----- Original Message -----
From: Guillaume JACQUES
To: phoNet@egroups.com
Sent: Friday, May 19, 2000 5:39 PM
Subject: Re: [phoNet] Digest Number 24

Leaving aside the issue of 'universal grammar' (I am really scpetical we have a preprogrammed universal grammatical structure -- it is anyway, beyond testing)...
 
I'm not talking about Universal Grammar as defined by Chomsky, more about something like Pinker's language instinct. The idea is, roughly, that in order to learn you must have some expectations concerning what is going to be learnt -- that is, at least some very elementary constraints on permissible linguistic structure should be innate. I like what Roger Lass, a prominent linguist from South Africa, said the other day on another list: a little tabula rasa will just sit there unable to learn anything. If you don't accept a specialised language-acquisition device, you'll have to credit humans with a universal general-purpose learning mechanism, but that doesn't account fully for the observed common features of unrelated languages. How would _you_ account for the total absence of clicks from languages outside the African "Clickland"?
 
... I don't think the genetic difference between human population is big enough to influence the language faculty.

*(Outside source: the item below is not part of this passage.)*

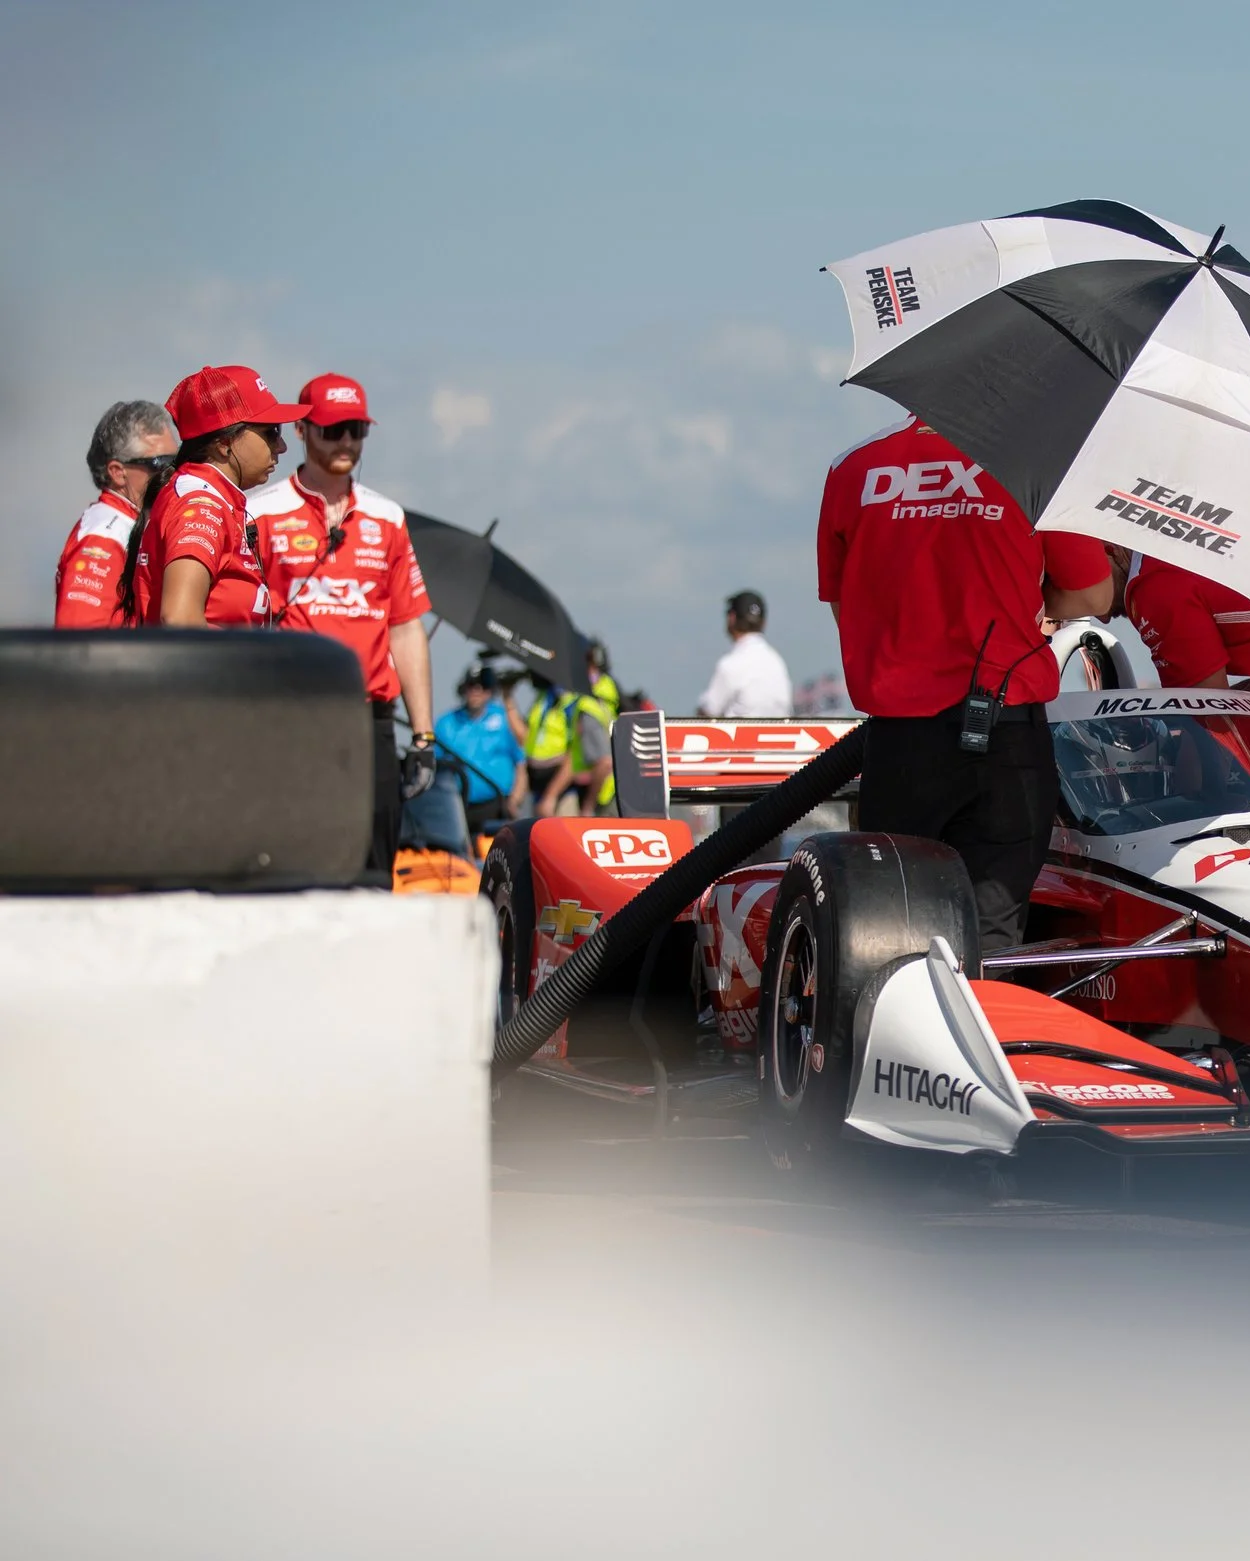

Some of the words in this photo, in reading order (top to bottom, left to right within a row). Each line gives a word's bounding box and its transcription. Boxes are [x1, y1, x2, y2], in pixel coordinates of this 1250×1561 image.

There are racial differences in the vocal track (shape of teeth,the implantation of nerves etc) but so limited that we can easily compensate the difference in the articulators to produce the same sound. The difference between a european male and female is much greater that the difference between of a euorpean with a chinese.

Is there a racial difference in the perception of music, colour etc ?

I don't know, but maybe other list members can give us their opinions?